Economic Cyclicality

The economic cyclicality implies whether the growth of the company is following the GDP growth of the nation. The quality of the industry in resisting the recessionary tendencies also needs consideration. The Earnings per share (EPS) of the company should be compared with the EPS of the industry. “The global pharmaceutical market is projected to increase between 5 and 6% in 2008 to reach $735–745 billion, according to IMS Health (Norwalk, CT). This pace is down from growth of 6–7% in 2007. In the US and the five largest European markets, sales growth in 2008 is projected at 4–5%, marking a historic low for the US market, according to IMS.” (Patricia Van Arnum, 2007).

Against this growth rate of 6 to 7 percent expected for the year 2007 BMY has reported a negative growth rate of EPS for 2006 as compared to the year 2005 and there is no sign of any improvement in the EPS growth in the year 2007 due to the reported loss for the year 2007.

Growth Prospects

The second aspect that needs consideration is the growth prospects of the industry in a global context. As per the report from IMS Health the industry is expected to slow down in the year 2008 as compared to the growth rate in the year 2007. This also gives a negative rating for the credibility of the company.

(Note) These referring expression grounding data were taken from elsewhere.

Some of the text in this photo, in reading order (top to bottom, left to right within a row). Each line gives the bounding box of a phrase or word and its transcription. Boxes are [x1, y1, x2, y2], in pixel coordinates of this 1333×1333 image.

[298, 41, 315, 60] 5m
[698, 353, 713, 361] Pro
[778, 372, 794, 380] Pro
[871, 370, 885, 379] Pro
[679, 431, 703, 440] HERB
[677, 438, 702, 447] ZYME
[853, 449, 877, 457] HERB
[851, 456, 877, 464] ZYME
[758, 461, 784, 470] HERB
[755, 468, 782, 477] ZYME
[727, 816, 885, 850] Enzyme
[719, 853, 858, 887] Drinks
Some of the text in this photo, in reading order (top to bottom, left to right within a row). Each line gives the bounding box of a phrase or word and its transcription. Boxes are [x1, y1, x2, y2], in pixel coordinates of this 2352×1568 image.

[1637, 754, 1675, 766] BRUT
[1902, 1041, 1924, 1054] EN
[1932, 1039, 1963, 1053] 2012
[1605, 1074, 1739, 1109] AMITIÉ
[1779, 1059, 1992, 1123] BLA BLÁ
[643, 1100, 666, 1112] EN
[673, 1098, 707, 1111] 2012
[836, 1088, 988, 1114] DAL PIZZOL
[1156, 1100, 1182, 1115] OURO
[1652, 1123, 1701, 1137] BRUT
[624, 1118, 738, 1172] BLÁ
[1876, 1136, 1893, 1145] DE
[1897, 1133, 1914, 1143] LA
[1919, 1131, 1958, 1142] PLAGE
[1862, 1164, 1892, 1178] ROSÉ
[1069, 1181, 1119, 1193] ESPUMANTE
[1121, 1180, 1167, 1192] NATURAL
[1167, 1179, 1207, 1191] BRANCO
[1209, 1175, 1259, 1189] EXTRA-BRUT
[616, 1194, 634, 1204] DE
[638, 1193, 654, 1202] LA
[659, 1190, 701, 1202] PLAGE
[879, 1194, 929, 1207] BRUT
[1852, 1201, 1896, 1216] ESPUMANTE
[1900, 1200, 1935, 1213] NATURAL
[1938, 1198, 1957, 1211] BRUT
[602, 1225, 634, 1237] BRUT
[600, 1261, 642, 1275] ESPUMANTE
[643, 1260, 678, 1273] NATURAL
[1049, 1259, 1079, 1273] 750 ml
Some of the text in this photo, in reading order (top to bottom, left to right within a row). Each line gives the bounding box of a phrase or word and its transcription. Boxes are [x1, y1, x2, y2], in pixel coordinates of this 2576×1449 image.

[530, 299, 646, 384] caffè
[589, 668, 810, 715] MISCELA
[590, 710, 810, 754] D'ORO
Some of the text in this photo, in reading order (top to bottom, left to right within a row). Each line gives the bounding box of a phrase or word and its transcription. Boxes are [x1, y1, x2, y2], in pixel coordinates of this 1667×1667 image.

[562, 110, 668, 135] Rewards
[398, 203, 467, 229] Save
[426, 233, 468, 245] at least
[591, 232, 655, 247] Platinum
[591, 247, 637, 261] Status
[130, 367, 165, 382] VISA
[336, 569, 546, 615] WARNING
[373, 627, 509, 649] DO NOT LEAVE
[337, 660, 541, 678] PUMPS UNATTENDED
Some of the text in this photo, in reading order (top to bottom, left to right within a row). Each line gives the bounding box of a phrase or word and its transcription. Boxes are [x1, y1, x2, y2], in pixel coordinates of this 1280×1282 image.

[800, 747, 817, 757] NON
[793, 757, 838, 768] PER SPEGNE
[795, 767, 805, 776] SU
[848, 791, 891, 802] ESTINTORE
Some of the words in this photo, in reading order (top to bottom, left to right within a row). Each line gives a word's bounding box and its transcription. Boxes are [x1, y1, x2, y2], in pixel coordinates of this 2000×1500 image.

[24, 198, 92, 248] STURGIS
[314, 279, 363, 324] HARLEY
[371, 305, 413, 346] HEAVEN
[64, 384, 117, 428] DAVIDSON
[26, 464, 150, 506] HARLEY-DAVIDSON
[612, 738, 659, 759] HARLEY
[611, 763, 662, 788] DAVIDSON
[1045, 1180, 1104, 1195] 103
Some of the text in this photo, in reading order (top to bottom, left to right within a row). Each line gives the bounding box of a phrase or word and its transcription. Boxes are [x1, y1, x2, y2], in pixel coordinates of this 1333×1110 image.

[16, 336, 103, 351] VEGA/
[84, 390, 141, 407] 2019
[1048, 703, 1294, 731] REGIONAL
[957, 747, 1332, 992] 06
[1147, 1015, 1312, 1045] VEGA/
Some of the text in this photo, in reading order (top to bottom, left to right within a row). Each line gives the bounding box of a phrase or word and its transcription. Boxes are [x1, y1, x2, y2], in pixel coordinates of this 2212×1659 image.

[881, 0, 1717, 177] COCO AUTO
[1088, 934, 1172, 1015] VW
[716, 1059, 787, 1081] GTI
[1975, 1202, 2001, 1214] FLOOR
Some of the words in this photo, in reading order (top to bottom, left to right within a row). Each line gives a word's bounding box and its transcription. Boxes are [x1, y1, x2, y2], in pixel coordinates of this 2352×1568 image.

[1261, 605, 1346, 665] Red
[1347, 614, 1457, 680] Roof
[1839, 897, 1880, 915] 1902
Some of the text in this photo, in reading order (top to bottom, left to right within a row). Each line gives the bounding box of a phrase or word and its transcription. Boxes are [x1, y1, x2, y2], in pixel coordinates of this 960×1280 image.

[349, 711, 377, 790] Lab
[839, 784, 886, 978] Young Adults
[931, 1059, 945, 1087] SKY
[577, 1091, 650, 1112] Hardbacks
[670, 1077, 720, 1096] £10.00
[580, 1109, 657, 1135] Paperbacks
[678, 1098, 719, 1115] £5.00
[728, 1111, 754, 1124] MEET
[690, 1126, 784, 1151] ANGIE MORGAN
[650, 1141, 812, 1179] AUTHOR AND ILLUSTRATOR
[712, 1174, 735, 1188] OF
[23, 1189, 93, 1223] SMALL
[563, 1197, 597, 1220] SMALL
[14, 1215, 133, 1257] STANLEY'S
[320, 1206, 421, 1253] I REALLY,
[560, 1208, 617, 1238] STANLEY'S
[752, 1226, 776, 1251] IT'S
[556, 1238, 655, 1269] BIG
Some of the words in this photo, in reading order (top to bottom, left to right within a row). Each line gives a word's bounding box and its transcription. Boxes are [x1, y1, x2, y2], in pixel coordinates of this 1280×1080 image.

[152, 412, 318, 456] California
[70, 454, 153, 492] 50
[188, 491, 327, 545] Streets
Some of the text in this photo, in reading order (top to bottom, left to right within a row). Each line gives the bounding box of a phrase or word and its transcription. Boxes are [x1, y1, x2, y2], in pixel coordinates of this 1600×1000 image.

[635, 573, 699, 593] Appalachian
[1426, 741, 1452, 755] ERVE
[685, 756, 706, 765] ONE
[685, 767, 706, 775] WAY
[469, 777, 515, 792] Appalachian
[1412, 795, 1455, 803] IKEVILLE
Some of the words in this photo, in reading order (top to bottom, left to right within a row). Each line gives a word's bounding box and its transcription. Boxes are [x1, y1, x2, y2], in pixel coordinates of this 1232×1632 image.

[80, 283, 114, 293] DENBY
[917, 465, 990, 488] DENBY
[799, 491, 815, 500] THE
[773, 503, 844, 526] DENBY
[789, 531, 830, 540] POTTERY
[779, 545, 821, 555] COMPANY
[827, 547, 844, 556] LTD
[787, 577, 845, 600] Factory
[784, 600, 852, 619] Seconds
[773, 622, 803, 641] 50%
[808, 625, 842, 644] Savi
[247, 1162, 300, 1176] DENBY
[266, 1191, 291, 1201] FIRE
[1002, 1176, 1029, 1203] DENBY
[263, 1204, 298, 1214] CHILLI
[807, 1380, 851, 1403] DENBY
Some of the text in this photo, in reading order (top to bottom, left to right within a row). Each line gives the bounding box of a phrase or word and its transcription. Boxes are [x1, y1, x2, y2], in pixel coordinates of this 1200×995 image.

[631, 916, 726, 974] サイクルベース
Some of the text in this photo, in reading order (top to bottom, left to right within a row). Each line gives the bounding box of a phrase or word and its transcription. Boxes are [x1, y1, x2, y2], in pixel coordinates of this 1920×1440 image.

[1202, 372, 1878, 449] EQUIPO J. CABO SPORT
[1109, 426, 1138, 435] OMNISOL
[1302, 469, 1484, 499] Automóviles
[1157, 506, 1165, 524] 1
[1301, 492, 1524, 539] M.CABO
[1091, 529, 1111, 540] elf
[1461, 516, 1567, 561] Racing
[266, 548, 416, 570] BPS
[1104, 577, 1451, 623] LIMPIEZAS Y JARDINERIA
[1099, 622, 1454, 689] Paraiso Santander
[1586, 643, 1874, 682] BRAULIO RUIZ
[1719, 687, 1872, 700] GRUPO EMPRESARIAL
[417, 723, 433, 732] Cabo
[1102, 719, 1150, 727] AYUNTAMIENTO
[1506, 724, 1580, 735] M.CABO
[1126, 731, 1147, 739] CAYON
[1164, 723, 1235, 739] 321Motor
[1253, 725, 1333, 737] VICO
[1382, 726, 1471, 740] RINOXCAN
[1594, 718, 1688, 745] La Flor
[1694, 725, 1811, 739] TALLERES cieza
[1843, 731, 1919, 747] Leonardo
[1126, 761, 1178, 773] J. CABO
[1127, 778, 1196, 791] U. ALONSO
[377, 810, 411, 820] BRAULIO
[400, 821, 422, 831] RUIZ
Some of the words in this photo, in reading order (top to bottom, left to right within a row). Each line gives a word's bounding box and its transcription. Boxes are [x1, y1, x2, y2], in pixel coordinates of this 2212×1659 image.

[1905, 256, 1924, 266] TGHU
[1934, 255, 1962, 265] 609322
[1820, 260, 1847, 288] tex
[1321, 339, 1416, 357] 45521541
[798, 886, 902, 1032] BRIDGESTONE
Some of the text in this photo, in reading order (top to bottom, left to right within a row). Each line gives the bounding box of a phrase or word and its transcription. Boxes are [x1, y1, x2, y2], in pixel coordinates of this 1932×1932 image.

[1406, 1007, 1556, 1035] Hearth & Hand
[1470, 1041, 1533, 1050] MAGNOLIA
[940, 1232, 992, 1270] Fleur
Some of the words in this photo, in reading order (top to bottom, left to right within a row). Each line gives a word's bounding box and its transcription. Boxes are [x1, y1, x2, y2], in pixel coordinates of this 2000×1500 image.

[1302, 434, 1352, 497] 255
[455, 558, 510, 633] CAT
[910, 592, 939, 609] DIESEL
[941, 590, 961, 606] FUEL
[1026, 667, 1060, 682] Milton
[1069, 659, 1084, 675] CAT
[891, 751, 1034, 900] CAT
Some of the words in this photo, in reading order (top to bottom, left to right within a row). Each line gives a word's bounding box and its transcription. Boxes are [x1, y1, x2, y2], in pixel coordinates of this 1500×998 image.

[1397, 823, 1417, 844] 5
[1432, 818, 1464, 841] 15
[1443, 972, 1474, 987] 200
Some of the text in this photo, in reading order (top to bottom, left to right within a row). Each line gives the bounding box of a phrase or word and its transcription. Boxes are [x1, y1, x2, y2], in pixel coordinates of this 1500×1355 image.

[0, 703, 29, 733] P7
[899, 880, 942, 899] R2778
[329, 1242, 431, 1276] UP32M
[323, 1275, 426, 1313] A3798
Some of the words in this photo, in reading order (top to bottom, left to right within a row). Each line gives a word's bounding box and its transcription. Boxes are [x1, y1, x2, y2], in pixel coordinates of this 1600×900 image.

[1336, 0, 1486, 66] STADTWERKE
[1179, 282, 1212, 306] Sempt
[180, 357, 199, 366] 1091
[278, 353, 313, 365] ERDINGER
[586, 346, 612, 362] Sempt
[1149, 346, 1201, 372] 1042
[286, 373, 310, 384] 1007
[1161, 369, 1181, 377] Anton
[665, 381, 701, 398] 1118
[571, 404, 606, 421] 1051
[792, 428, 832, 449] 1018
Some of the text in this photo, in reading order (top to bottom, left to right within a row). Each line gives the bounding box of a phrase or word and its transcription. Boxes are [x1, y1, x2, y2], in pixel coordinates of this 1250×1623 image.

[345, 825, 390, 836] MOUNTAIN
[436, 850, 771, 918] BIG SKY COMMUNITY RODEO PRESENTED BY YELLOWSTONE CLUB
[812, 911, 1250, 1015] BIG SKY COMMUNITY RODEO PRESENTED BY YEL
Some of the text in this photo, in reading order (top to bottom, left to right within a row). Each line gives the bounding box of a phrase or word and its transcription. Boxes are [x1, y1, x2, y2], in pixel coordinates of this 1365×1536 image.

Research and Development Expenses

The research and development expenditure incurred by the industry is another factor that determines the growth prospects of the industry. “Research and Manufacturers of America (PhRMA) reported even larger expenditures and faster growth. Spending by its member organizations rose more than six-fold between 1980 and 2004, from about $6 billion (in 2005 dollars) to $39 billion.” (CBO, 2006) Though there had been a growth of research and development expenditure during the last two decades the growth in the industry is more than affected by the growth in generic drugs. Due to the impact of generic medicines, the industry is expected to face a decline in the order of $ 370-380 billion for the primary care-driven drugs during the year 2008 which implies the companies would reduce the level of their expenditure in the area of research and development. This again attributes a negative value to the credit analysis.

Competition

The competition in any industry is based on many factors. In general, the price and the quality are the two factors that determine the competitive environment of any industry. But the US pharmaceutical industry is facing competition from the generic products being manufactured by emerging countries and for the first time in the industry, these economies will contribute a major share of the industry during the year 2008. “For the first time, the seven largest markets will contribute just half of overall pharmaceutical growth, while seven emerging markets will contribute nearly 25% of growth worldwide. These seven emerging markets (Brazil, China, India, Mexico, Russia, South Korea, and Turkey) are expected to grow 12–13% next year to $85–90 billion, according to IMS.” (Patricia Van Arnum, 2007). Therefore it appears that the US pharmaceutical industry is facing stiff competition which reduces the credit rating of the BMY.

Sources of Supply

The market structure of an industry and its competitive forces have a direct impact on the sources of supply of major production components. The continued growth in the pharmaceutical industry in the emerging nations will have an impact on the availability of generic components for manufacture in the US and this may hit the production of the pharmaceutical industry in the US. This is because countries like Bangladesh and India who were the main sources of generic components have started captive consumption of the generic components and this may to some extent affect the US pharmaceutical industry.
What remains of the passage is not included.